Voilà une charmante chronique sur l’en-cas qui, assurément n’est pas à mettre à l’encan. Au contraire ces délicieuses miscellanées (Hihihi le cuistre !) méritent mieux que la simple catégorie de « billet » attribuée par le Taulier.
Mais quel boulot aussi pour les commentaires.
Un en-cas pourrait il être autre que frugal ? Oui si l’on considère celui du quatorzième Louis. Non si l’on se réfère au petit bruit de l’œuf dur cassé sur un comptoir d’étain, incontournable fleuron de histoire du bistro français , sans équivalent ailleurs (beuh les Schnellimbis d’outre Rhin ou les baraques de Fish and Chips d’outre Manche) C’est aussi un fleuron de la poésie : « Il est terrible - le petit bruit de l'oeuf dur cassé sur un comptoir d'étain - Il est terrible ce bruit - quand il remue dans la mémoire de l'homme qui a faim ... » Jacques Prévert . Nos crânes d’œufs qui s’acharnent à vouloir nous faire mourir en bonne santé les ont rayé du paysage.
Quand à l’œuf mollet, pas besoin d’attendre le revers comminatoire d’une épouse pourtant qualifiée de préférée pour me le faire cuire. J’en raffole, par trois, avec des mouillettes beurrées, c’est 5’ dans l’eau bouillante ni plus ni moins .Ces 5’ vous permettent de préparer les mouillettes. C’est 5’ de moins que « La cuisine en 10 minutes » d’ Edouard De Pomiane. Pour le vin, la question reste ouverte. Rouge ou blanc avec les œufs ? Dur, dur…En tout cas, attention, en demandant une bouteille d’Argile chez votre caviste peut être vous parlera t’il de l’Argile blanc du Domaine de la Rectorie à Collioure. A vous de choisir.
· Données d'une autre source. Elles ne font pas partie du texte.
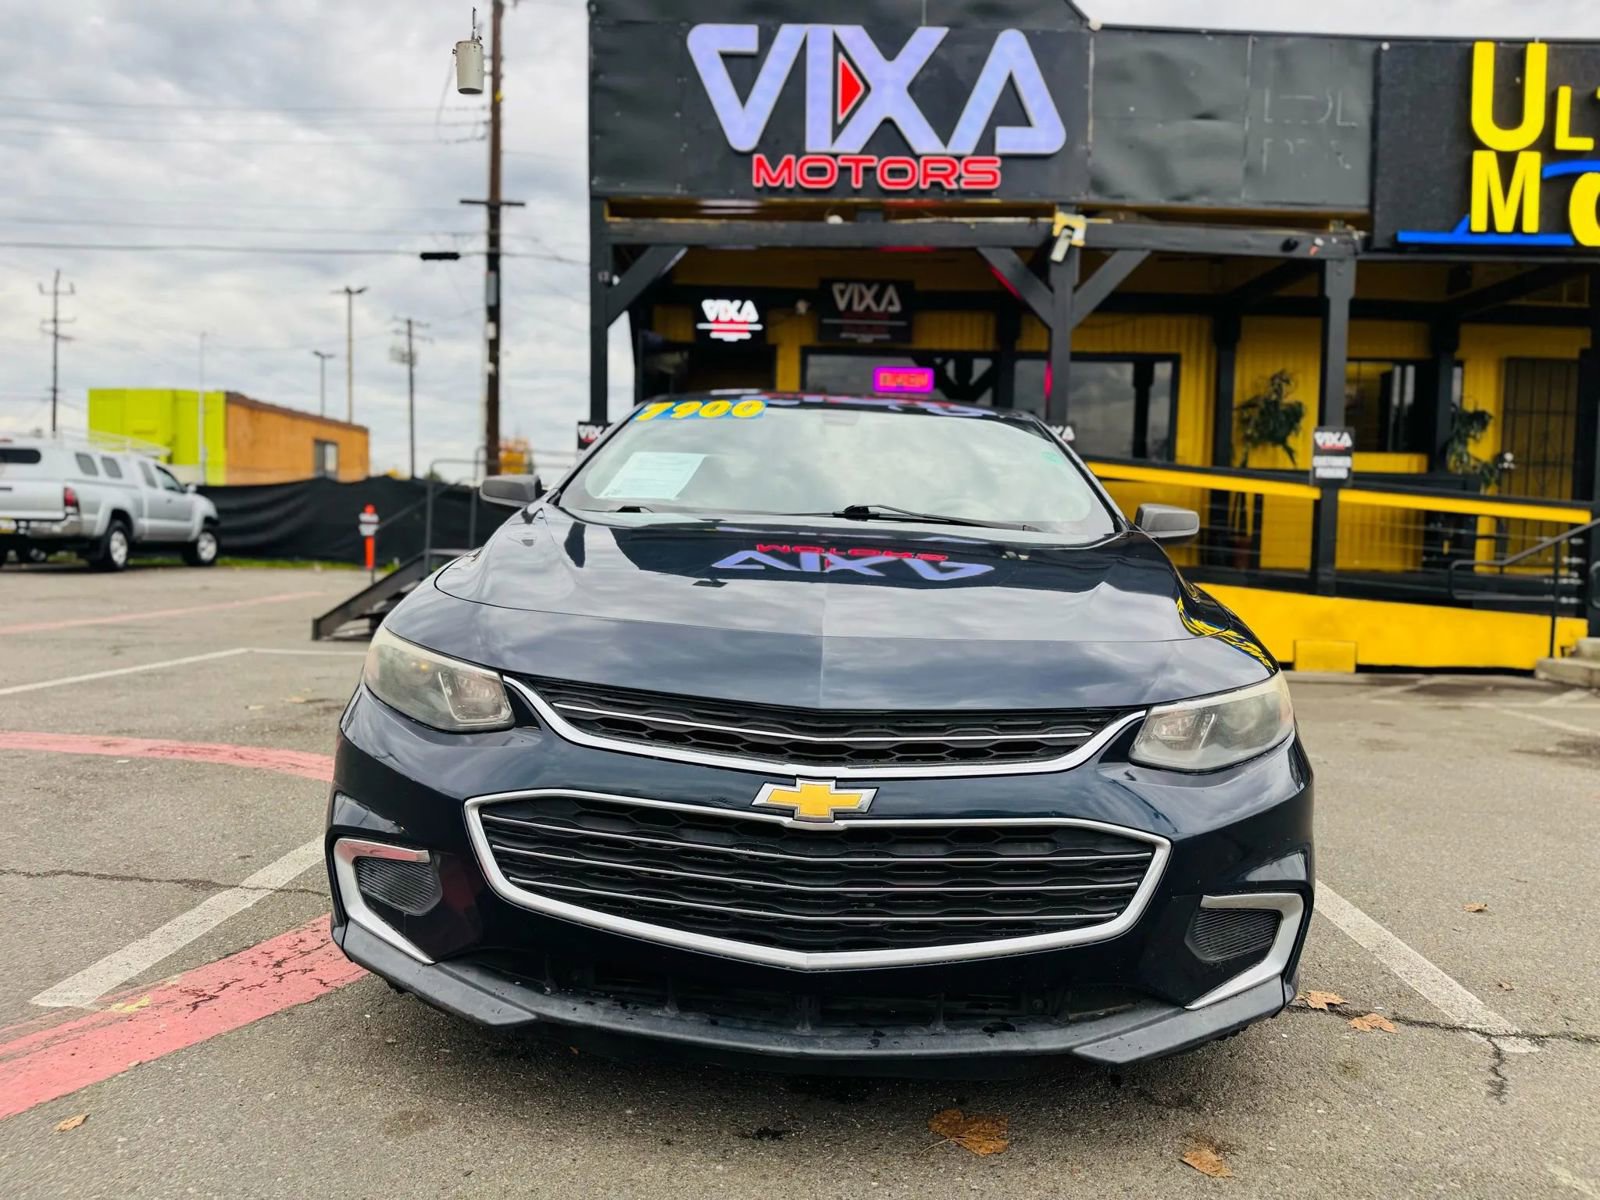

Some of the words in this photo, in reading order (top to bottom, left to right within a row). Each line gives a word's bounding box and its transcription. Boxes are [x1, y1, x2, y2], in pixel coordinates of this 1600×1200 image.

La dimension proposée pour la « petite table » est adéquate quand on se souvient de l’étroitesse des guéridons de bistrot – entre 60 et 70 cm pour rentabiliser une terrasse - ou, une fois servi il n’y a même plus la place de poser sont cher et irremplaçable smerdephone. Et ou s’empile les coupelles d’aditions quand on renouvelle les consommations.
La chronique du 5 avril 2010 nous en apprend de belle, sur la vitalité des « Happy Few » d’alors de notre bon Taulier (si nous devions pour nous faire comprendre sacrifier au « followers » du globish, un peu de classe et de chauvinisme ne nuit pas, restons français et préférons la proposition de Stendhal.
En tous cas, que de commentaires et de réponses, ça tire dans tous les coins. Soudain je me sens seul, très seul. Peut être, comme Musset, je suis venu trop tard dans un monde trop vieux !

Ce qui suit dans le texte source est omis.